I still needed some money, so I took an old rifle to a gun shop. It was my dad’s secondary gun and I used it when I was young but I didn’t think about it. I was caught up in getting cash to pay the bill.
I went into the gun shop, negotiated and sold it.
Let me tell you, when I got in my car to leave, I was hit with such regret, sadness, and remorse I had to pull over. I was physically sick. My parents had passed a few years before and I suddenly realized that this was one of the last physical things I had. It wasn’t the last one, nor was it really that sentimental. But I knew then that I did not want to ever be in this spot again.
I still had the serial number and info on that gun in my pocket and I put it somewhere safe. Someday I may track it down and try to buy it back.
In the meantime, I know my dad really wouldn’t mind, he was wonderfully understanding. I tried to think if my kids did something like that, I wouldn’t mind, I would just want them to be happy.
It was a low point. But through that transaction I felt the love my dad always showed me. He gave, understood, forgave, and let me make my own choices. Dad saved me again and it was time that I did not need to be ever saved by someone else again.
I also reflected on the gratitude I have for my parents.
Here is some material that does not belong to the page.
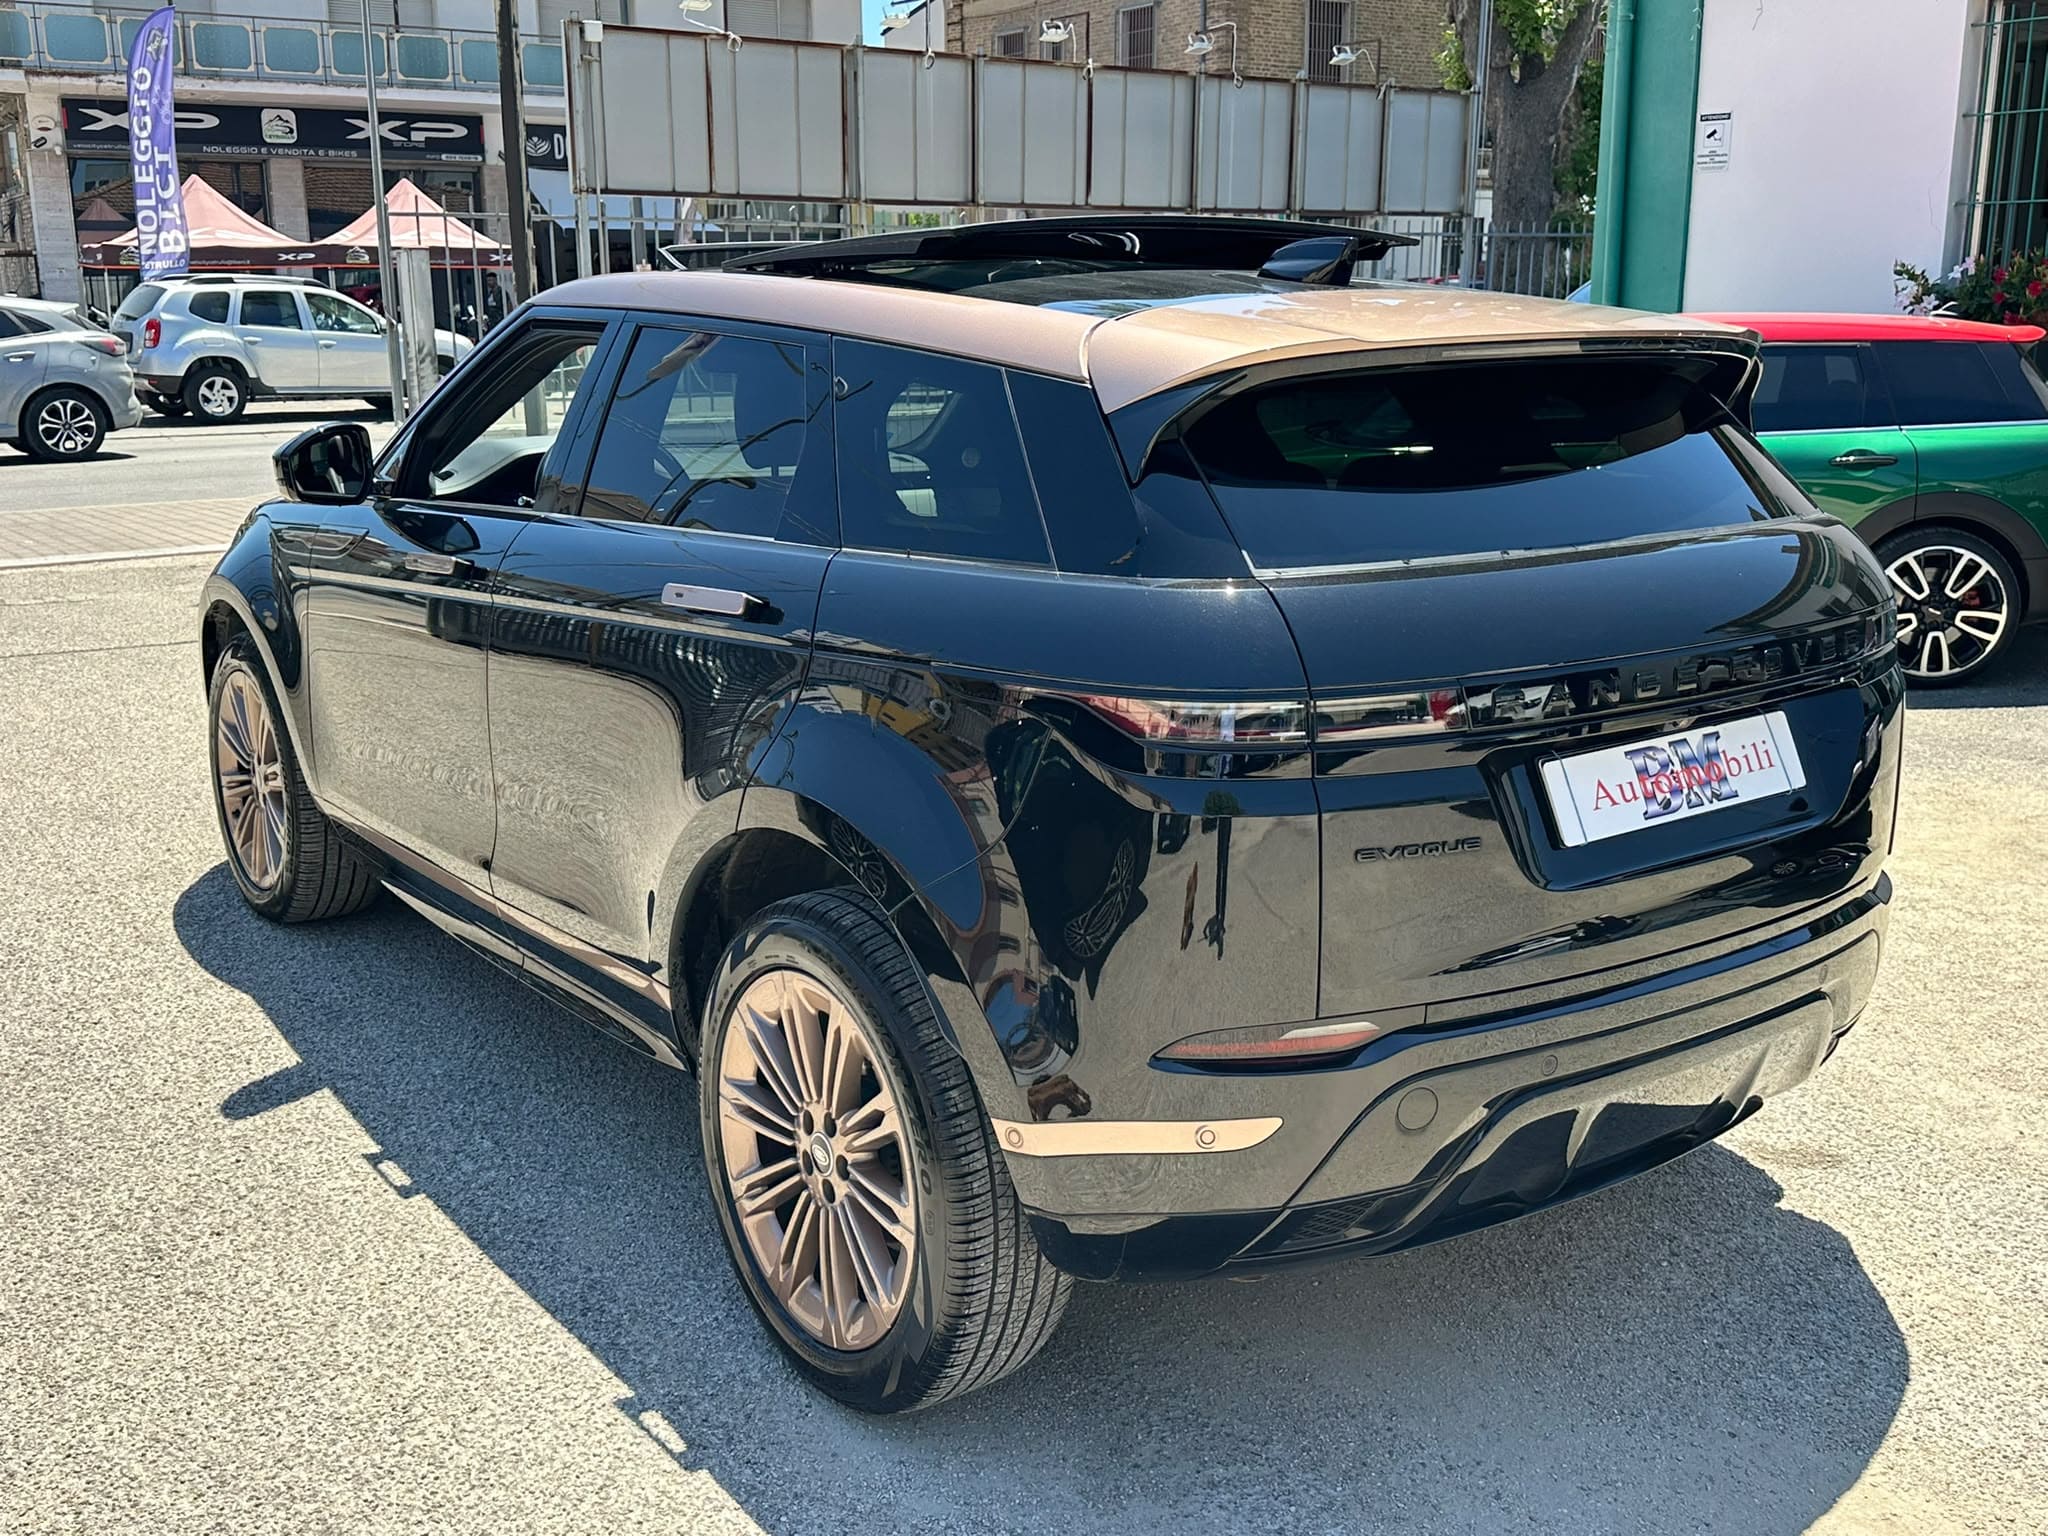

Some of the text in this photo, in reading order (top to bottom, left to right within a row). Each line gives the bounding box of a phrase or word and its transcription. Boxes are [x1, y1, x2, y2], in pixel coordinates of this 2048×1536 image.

They started from nothing, built up a nice family and were loving, generous, fun people.
Another thought that came to mind – it wasn’t really that bad to let go of a material item. Sure it was sentimental to some degree but now that its gone, my life isn’t any less valuable, meaningful, etc. It was just a possession.
Too many times we desire a possession and think it will make our lives better. We get it and want something else. Sometimes we hold onto things. It really isn’t the ‘thing’ but the meaning we give to it. Sometimes we even hold onto feelings, situations, memories – right?
Sometimes we have an issue, we have baggage, but even though we say we don’t want it, or we know it isn’t good to hang on, like some old gun, we hang onto that memory/situation/feeling. It becomes “our thing”. We all know that guy who can’t seem to move on in life because he has that issue – if he only realized it had nothing to do with moving ahead. (of course no of us ever do that, right?)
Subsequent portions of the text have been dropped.